Source data section start

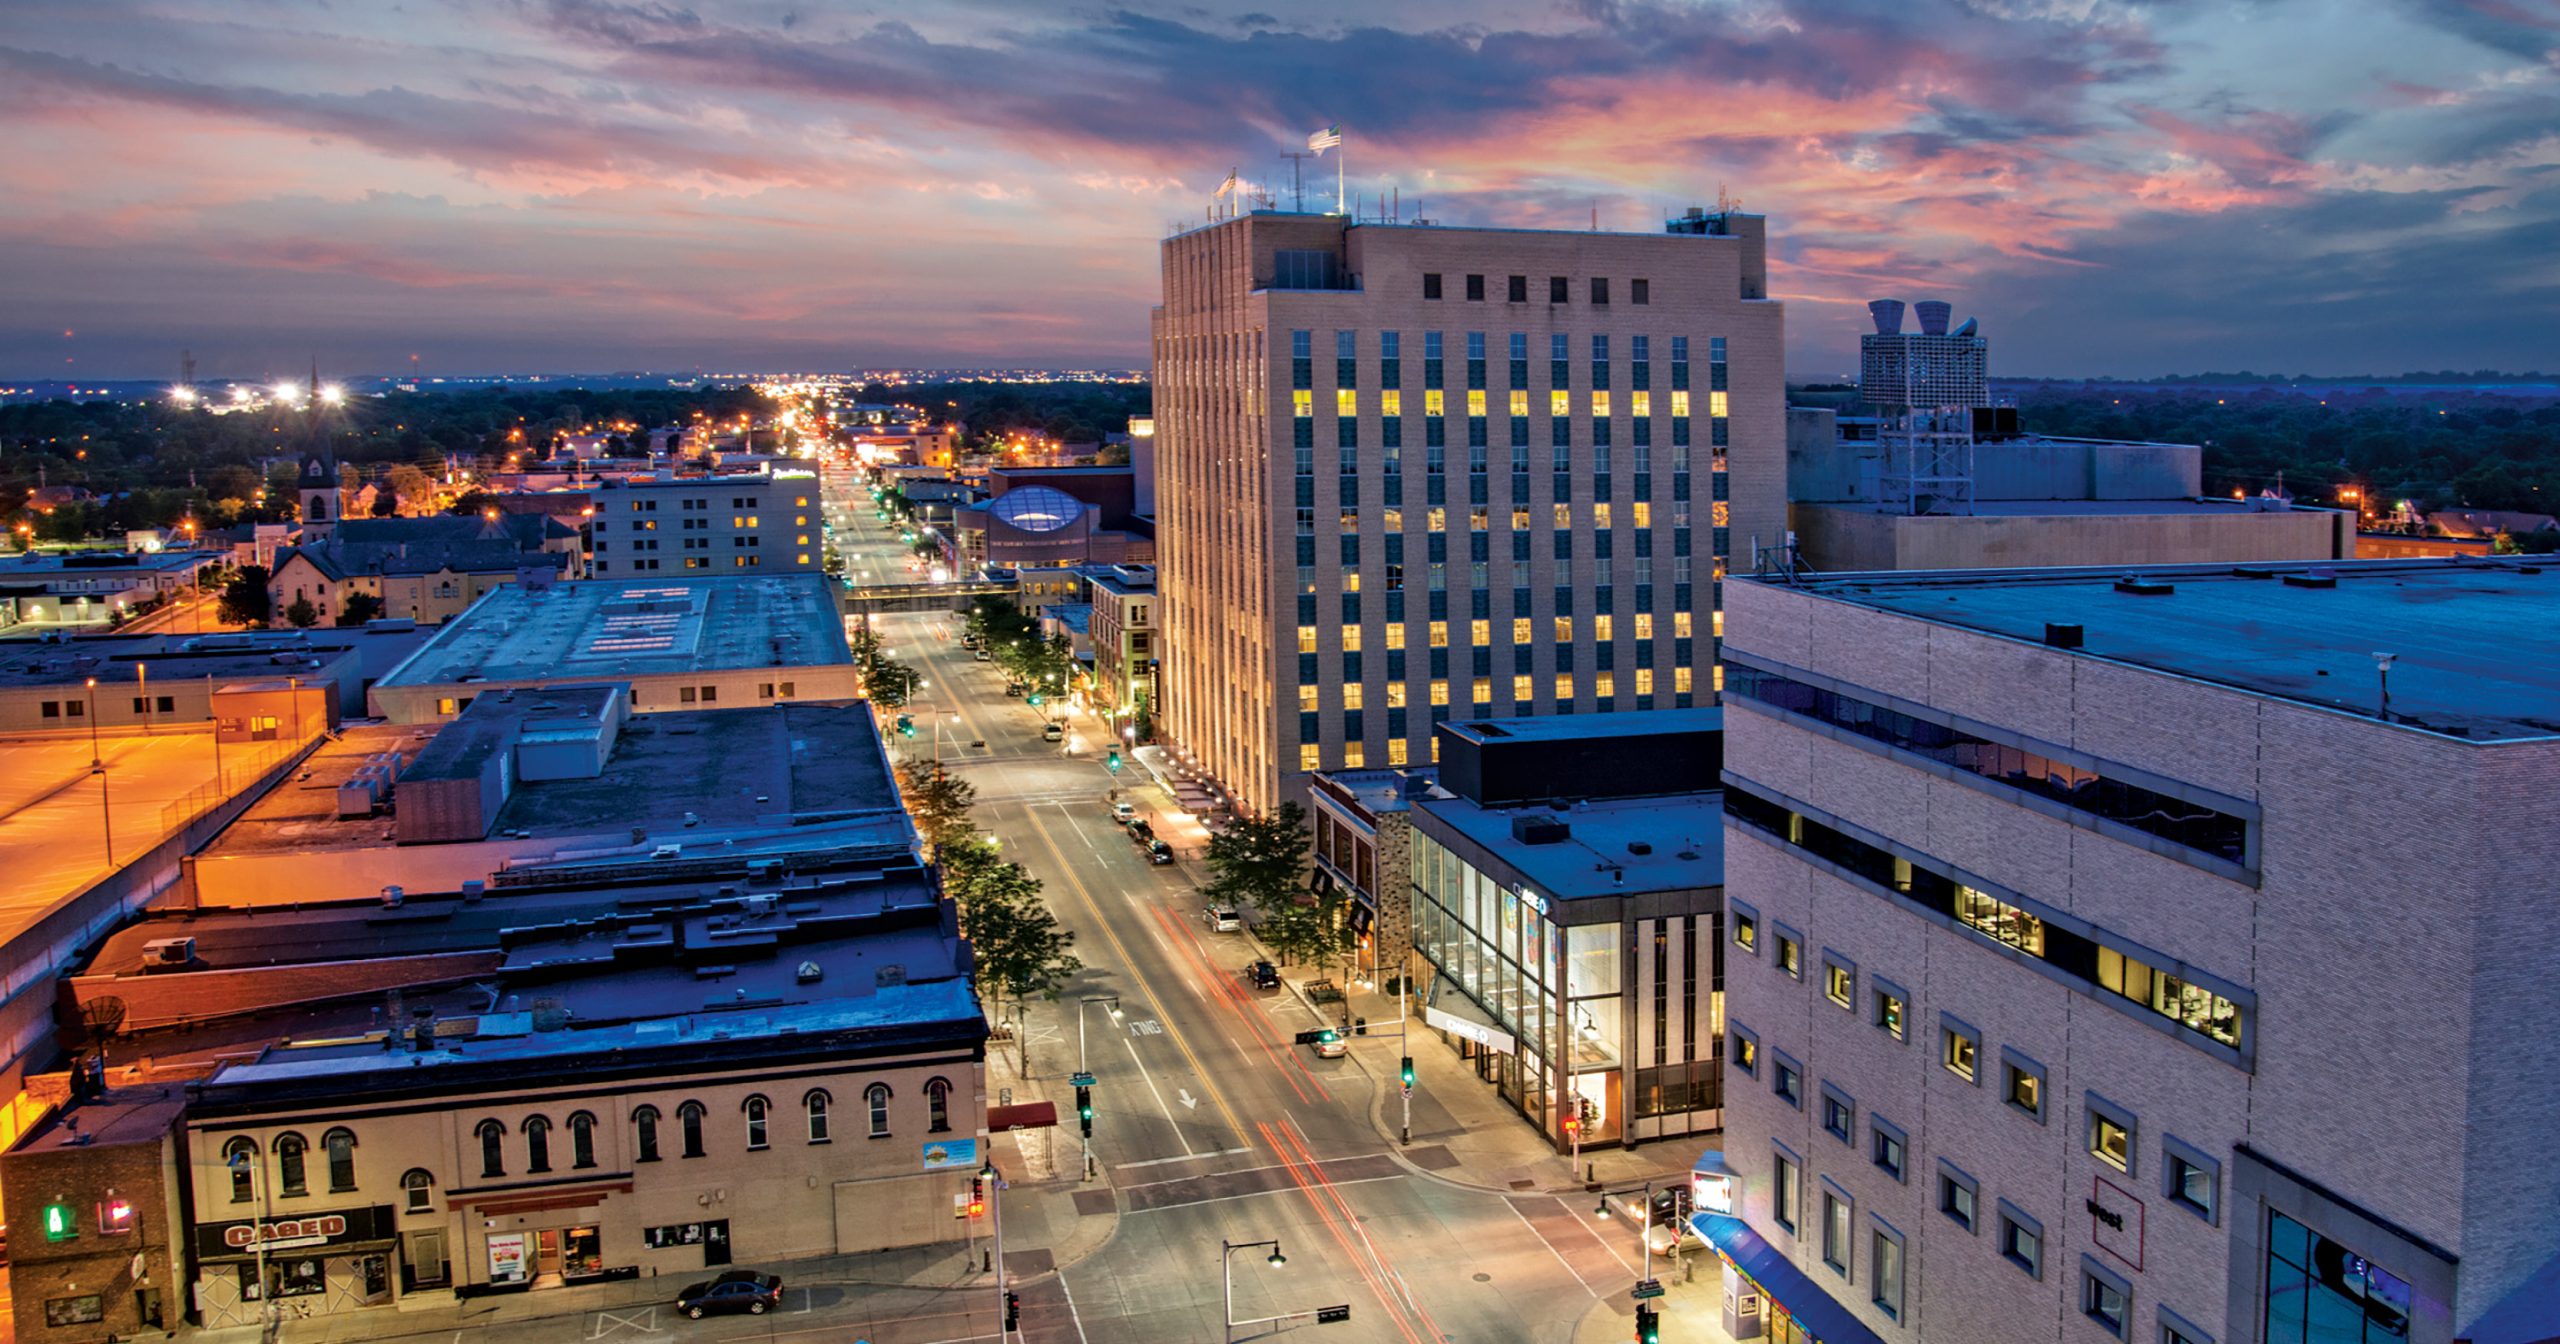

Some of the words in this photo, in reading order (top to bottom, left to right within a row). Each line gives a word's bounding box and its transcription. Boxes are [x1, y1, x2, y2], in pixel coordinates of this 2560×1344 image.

[1513, 882, 1539, 911] CASE
[1128, 1019, 1162, 1037] ONLY
[2086, 1198, 2123, 1232] west
[225, 1215, 346, 1247] CAGED

Source data section end

Work item
Word for word, reproduce all the data, but not the pictures.

Your response
Some of the words in this photo, in reading order (top to bottom, left to right within a row). Each line gives a word's bounding box and its transcription. Boxes are [x1, y1, x2, y2], in pixel coordinates of this 2560×1344 image.

[1513, 882, 1539, 911] CASE
[1128, 1019, 1162, 1037] ONLY
[2086, 1198, 2123, 1232] west
[225, 1215, 346, 1247] CAGED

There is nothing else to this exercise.